Sleep, sweet sleep: Somnology, NIH team up for sleep research

This article was originally published here

Sleep: the one thing we all need, but many of us don’t get enough of.

Adults between the ages of 18 and 64 need seven to nine hours of sleep each night, per the National Sleep Foundation‘s recommendation. Adults aged 65 and up need between seven and eight hours of sleep each night. The significance of sleep has even spread to the mainstream media, with Arianna Huffington writing a whole book (called The Sleep Revolution) about sleep.

For many, sleep disorders serve as a blockade to getting the necessary amount of sleep. In fact, approximately 70 million people across the United States suffer from sleep disorders. The World Health Organization notes that sleep disorders impact almost one billion people globally. And the prevalence of sleep disorders is increasing at a rate of 9 percent per year.


To solve this issue, Redwood City, California-based Somnology is collaborating with the National Institutes of Health’s National Institute of Diabetes & Digestive & Kidney Diseases.

Somnology and the NIDDK will utilize the Somnology Plex Sleep Scanner to research how diet and environment can impact people’s sleep metrics. Additionally, the organizations will create models of the human sleep cycle, which will be implemented in Somnology’s software.

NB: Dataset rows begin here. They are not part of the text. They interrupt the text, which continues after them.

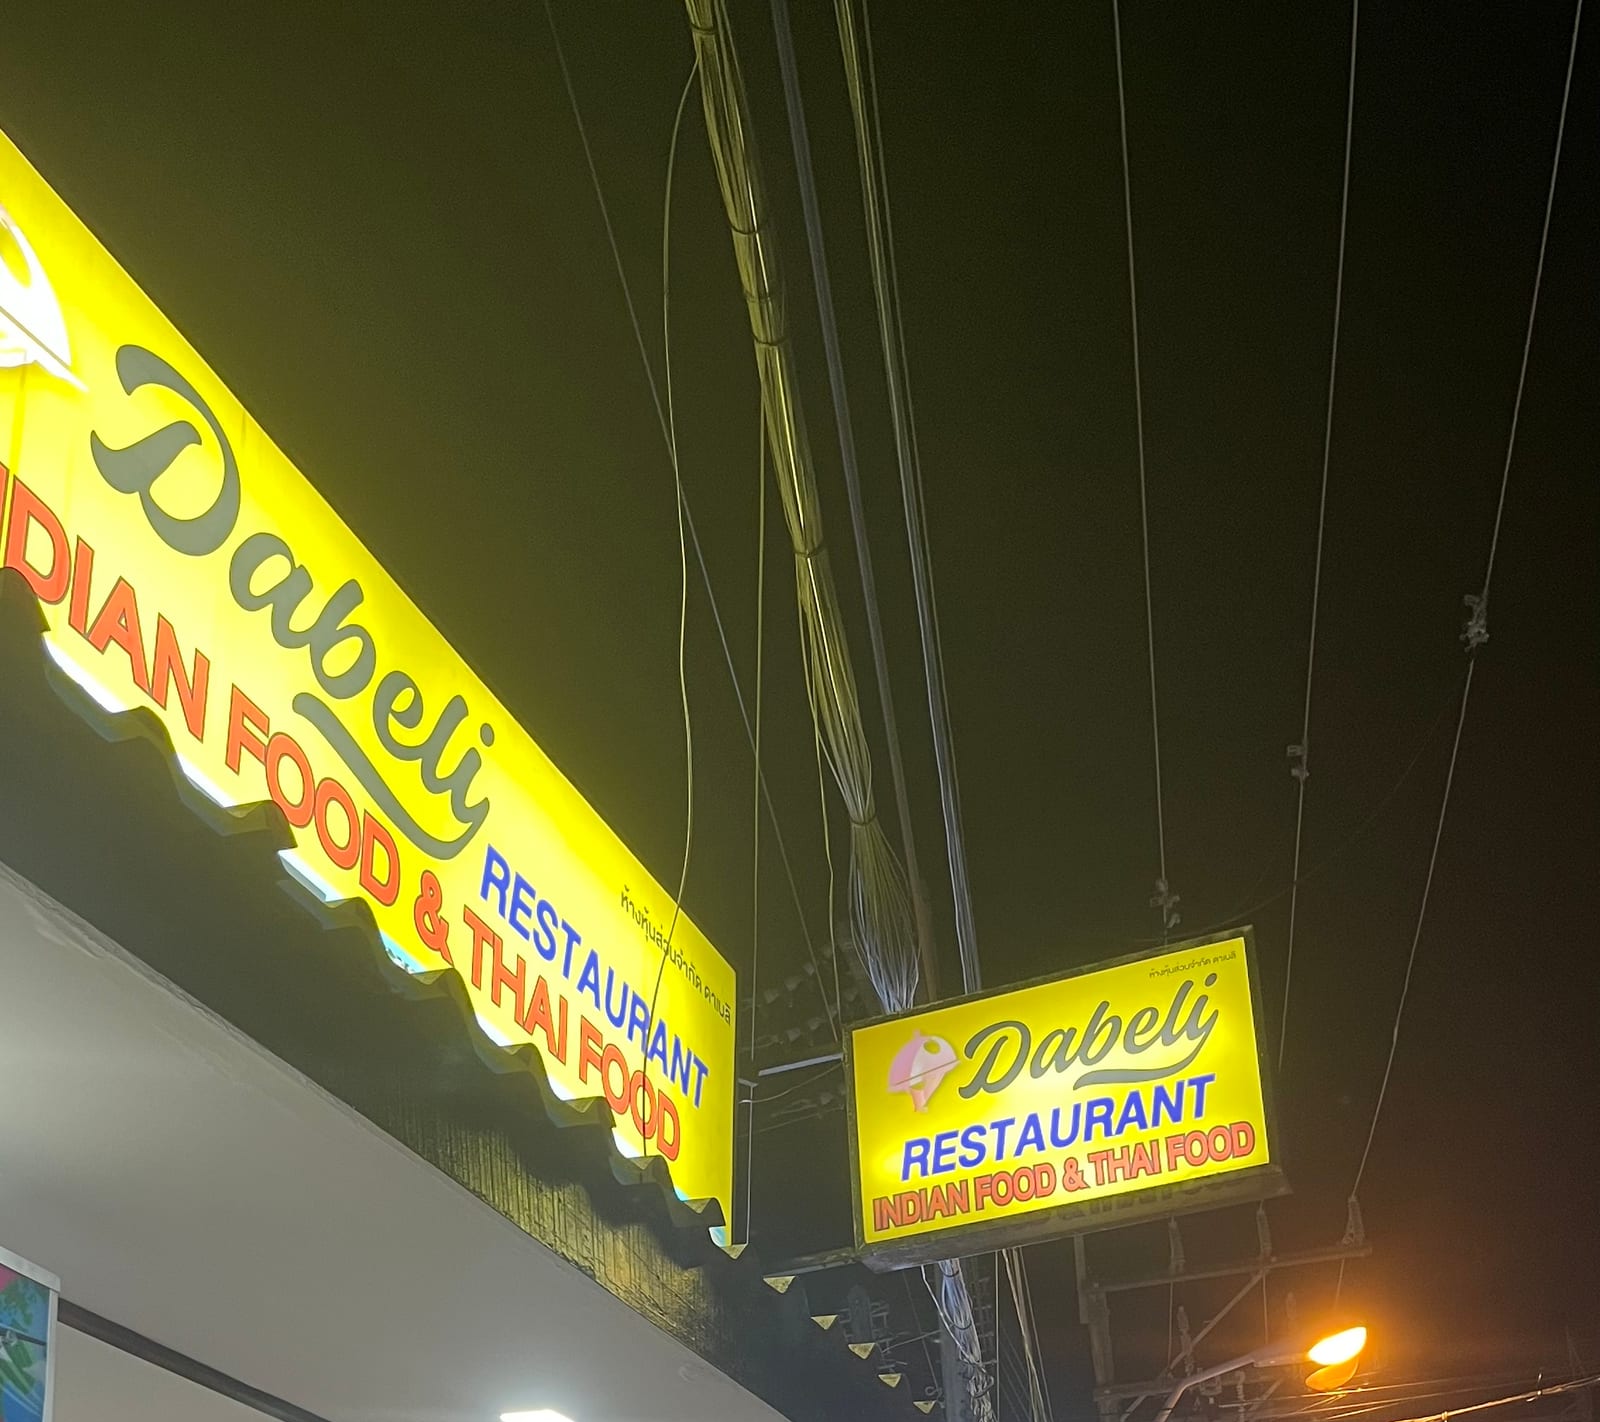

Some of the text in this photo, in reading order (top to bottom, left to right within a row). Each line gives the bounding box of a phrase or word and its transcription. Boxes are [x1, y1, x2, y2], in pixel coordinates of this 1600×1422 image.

[90, 343, 495, 859] Dabeli
[0, 461, 681, 1162] DIAN FOOD & THAI FOOD
[479, 842, 709, 1110] RESTAURANT
[958, 972, 1219, 1099] Dabeli
[873, 1121, 1255, 1232] INDIAN FOOD & THAI FOOD
[901, 1073, 1216, 1182] RESTAURANT

When compared with a traditional visit to a sleep center, the Plex offers consumers numerous benefits. In a phone interview with MedCity, Somnology CEO and cofounder Patrick Yam outlined a few. It often takes consumers several months to get in for a visit at a sleep center. The visit, which can cost anywhere between $2,000 and $7,000, only offers a snapshot of one’s sleep patterns. “You’re sleeping in a foreign bed and you’ve discounted the fact that sleep is dynamic,” Yam said. After the visit, it takes around one month for a consumer to receive information and results.

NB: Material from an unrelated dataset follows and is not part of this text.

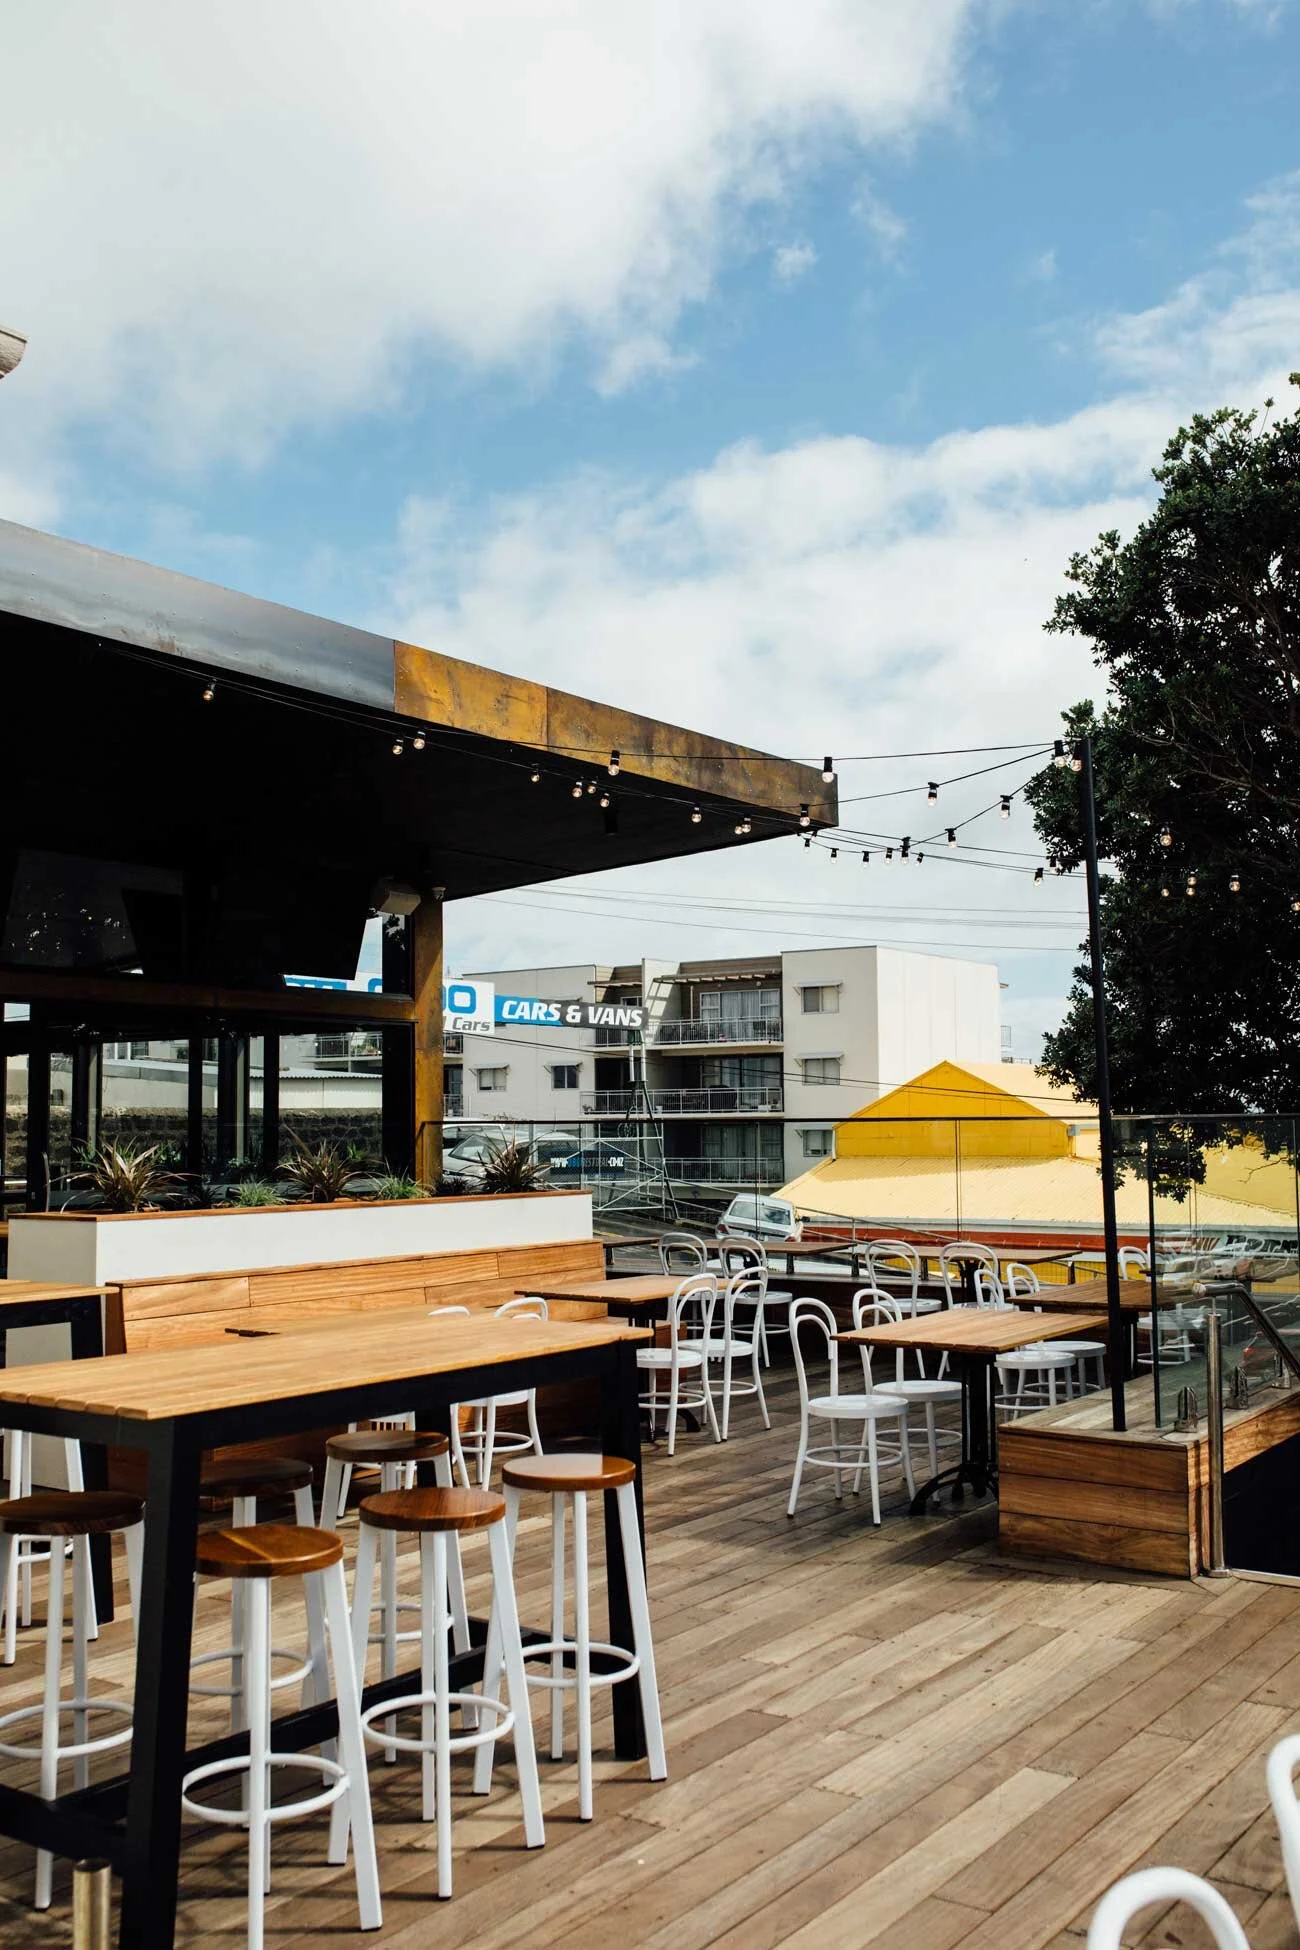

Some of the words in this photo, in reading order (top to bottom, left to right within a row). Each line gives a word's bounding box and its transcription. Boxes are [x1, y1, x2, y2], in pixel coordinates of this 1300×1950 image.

[452, 1016, 490, 1032] Cars
[501, 1000, 562, 1021] CARS
[565, 1004, 582, 1024] &
[587, 1005, 644, 1027] VANS

The Plex, on the other hand, provides consumers with actionable data at a much faster rate. Users can wear the Plex while they sleep, and it monitors their breathing patterns, pulse and oxygen levels. Because it integrates with the MobileSleepDoc Pro app, users can easily see their results from their mobile device.

If left ignored, sleep disorders can have negative consequences on consumers’ overall health and well-being. With sleep disorders come accentuated comorbidities like obesity, diabetes and Alzheimer’s. “We need to get ahead of it,” said Yam.

Despite the increasing problem of sleep disorders, individuals like Huffington and Yam continue to advocate for the cause. “Sleep can no longer remain a secondary benign concern,” Yam said. “The adversarial health detriments are far too great.”